Our series of myxofibrosarcomas contained a higher percentage of intermediate-grade tumors (41 vs 24%) and a lower percentage of high-grade tumors (39 vs 56%) than previously reported series,3 although there was no difference in the frequency of low-grade tumors (20%). In all grades of myxofibrosarcoma examined, the MCM2 labelling index was significantly higher than the Ki67 labelling index. Both the MCM2 labelling index and the Ki67 labelling index were significantly higher in increasing grades of myxofibrosarcoma, the Ki67 data confirming the previous findings of Mentzel et al.3 We observed no overlap of the MCM2 or Ki67 labelling index values between high-grade and low-grade myxofibrosarcomas. Indeed, our results suggest that determination of the MCM2 labelling index for an individual case would enable the assignment of that case into a high- or intermediate-grade category (MCM2 labelling index greater than 0.5) or into a low- or intermediate-grade category (MCM2 labelling index less than 0.5). An investigation of the reproducibility of this finding in an independent series of specimens is warranted.

Our data also suggest that determination of the MCM2 labelling index would be of value in the assessment of needle biopsies and/or cytological samples from myxofibrosarcoma tumors. We observed that the MCM2 labelling index and Ki67 labelling index were uniform across sections of individual myxofibrosarcoma lesions. In particular, the myxoid and cellular areas of high- and intermediate-grade myxofibrosarcoma showed no significant difference in MCM2 or Ki67 labelling indices. Determination of these labelling indices may therefore be of use in the grading of small needle biopsies and cytological samples from myxofibrosarcoma tumors, in which either myxoid or cellular regions may be sampled and where a relatively low number of nuclei may be available for staining.4

Analysis of cell cycle state may be of less value in assisting in the differential diagnosis of low-grade MFS from benign myxoma. This can be a difficult exercise morphologically, especially for those myxomas showing increased cellularity and vascularity.2 Although significantly higher MCM2 labelling indices were seen by us in low-grade myxofibrosarcomas compared to benign myxomas, there was overlap of the labelling index values for the two specimen groups. All cases with MCM2 labelling index of less than 0.04 in our study were myxomas rather than low-grade myxofibrosarcoma, although these tumors represented only three of the nine myxomas studied.

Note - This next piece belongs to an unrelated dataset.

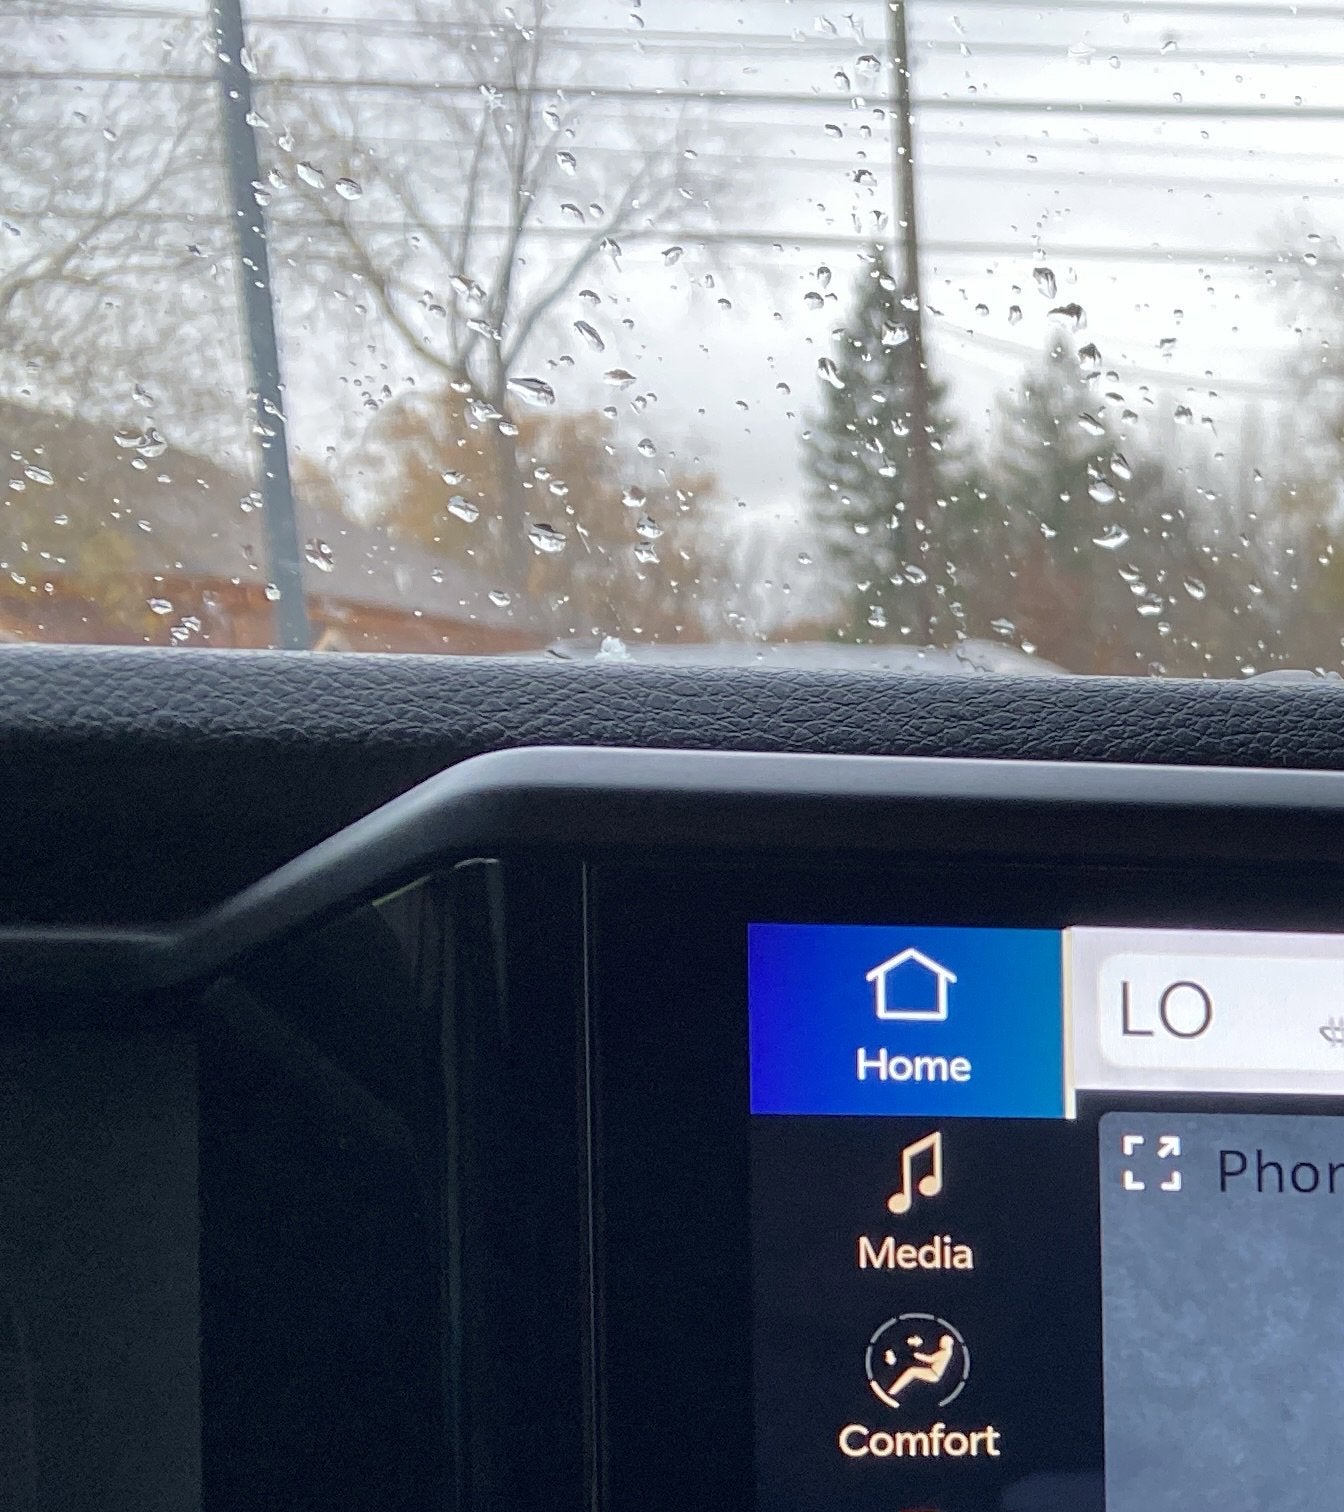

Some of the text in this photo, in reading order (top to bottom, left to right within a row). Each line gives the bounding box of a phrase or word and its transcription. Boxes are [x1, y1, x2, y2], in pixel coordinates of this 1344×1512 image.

We have also demonstrated in this study that determination of MCM2 labelling index may facilitate prediction of outcome in myxofibrosarcoma. Our observations that the Ki67 labelling index and mitotic index are not predictive of outcome are supportive of findings from earlier studies. In a previous investigation of lesions designated malignant fibrous histiocytoma, the Ki67 labelling index was observed to correlate with histological grade but not with prognosis12 and Mentzel et al3 found no association between the clinical course of myxofibrosarcoma and tumor grade or Ki-67 labelling index.3 In contrast to these findings, we observed a significant inverse correlation between the MCM2 labelling index and the time to first recurrence of myxofibrosarcoma. In our study, all myxofibrosarcoma tumors with an MCM2 labelling index above 0.5 (ns=11) recurred within 3 years of the initial diagnosis. We believe that a prospective analysis of the utility of MCM2 immunostaining in predicting outcome in myxofibrosarcoma is indicated.

In conclusion, we have shown that assessment of cell cycle state using antibodies against MCM2 or Ki67 may be of value in the histopathological examination of myxofibrosarcoma. Both markers may assist with the prediction of grade in needle biopsies or cytological specimens from myxofibrosarcoma tumors, regardless of which lesional component is sampled. In addition, immunostaining for MCM2 may facilitate the prediction of the clinical course of individual tumors. Further testing of the hypothesis that analysis of cell cycle state may be of value in the diagnostic assessment of myxofibrosarcoma is now warranted.